Paul Campion's sci-fi creature-feature 'Eel Girl'

Kia Ora and welcome to the May edition of the Show Me Shorts Screening Room. My name is Gina Dellabarca, and I am the Festival Director for the Show Me Shorts Film Festival. This month I have chosen some interesting short films to share with you by two of my favourite filmmakers who have a unique way of looking at the world.

I was thinking recently about how some of my favourite filmmakers have an eye for the little details.

I have a friend with an unnatural fear of buttons. To the point where if there is a loose one sitting in the corner of the room he would cover it with a piece of paper rather than touch it. Dressing must be a nightmare! I myself love buttons. There’s something about the simple beauty of them, the variety of colours and styles as well as their usefulness that appeals to me.

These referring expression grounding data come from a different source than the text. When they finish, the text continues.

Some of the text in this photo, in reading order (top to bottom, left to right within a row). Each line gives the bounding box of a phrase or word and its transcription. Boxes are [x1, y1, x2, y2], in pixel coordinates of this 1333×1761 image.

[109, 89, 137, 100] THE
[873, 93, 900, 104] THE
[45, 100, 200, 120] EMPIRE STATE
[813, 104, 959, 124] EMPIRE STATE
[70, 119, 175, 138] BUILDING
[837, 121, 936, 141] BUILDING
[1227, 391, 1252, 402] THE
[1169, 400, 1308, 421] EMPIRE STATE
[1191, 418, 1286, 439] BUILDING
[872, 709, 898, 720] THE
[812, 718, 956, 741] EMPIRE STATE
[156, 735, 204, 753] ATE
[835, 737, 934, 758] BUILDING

Jane Campion is a filmmaker renowned for her striking visual palette, and subtle attention to seemingly small details. The scene in Jane Campion’s 1993 film The Piano where Harvey Keitel’s character fixates on a tear in Holly Hunter’s stocking, and the illicit intimacy of touching her there, is one of my favourite examples of the way a small mundane thing can be invested with meaning through the lens of perspective. Campion is a master of using the camera to show us a different way of looking at the world.


An Exercise in Discipline – Peel

This was Jane Campion’s first film, and already her particular style was taking shape. The film is about a family on a road trip together – always an emotionally fraught time! Campion uses close camera angles to convey a sense of uncomfortable confinement. When a piece of orange peel is tossed carelessly out of the window it ignites a father’s anger. His frustrations aren’t really about the peel at all, but this brightly coloured object is the centre of a thoughtful and observant story about family and what binds them together.

http://youtu.be/Z9lVexu0GOg

Campion went on from this small beginning to create an oeuvre of unique films, which form a cultural touch point for people around the world. All of them capture her voice in a way that marks Campion as an auteur with a new perspective to offer audiences.


Night of the Hell Hamsters

So what other auteur filmmakers do we have in New Zealand? Through programming Show Me Shorts I have had the privilege of keeping up with new work from our established short filmmakers like Grant Lahood and James Cunningham. Show Me Shorts is constantly digging up fresh talent and showcasing it during the festival each November. In 2006 we played Sunday, the first short film by Leo Woodhead, who went on to make the award winning Cargo in 2007 and Zero in 2010, which we also played. In 2007 we played Paul Campion’s first short film Night of the Hell Hamsters. This low budget ‘splat-stick’ short is full of playful comedy and warm affection for the horror genre, and was a promising sign of films to come.

http://youtu.be/wdcQ7lBro0s

http://youtu.be/JcZIY9d6TNk

Paul followed Night of the Hell Hamsters up with the much slicker sci-fi creature-feature Eel Girl (which you can watch here) and just last year his first feature film: The Devil’s Rock. Paul Campion is no relation to Jane and his films are very different, though no less inventive. His aesthetic is dark and populated by things that go bump in the night and gnash their bloody teeth. This is his slimy yet alluring half-eel half-human hybrid!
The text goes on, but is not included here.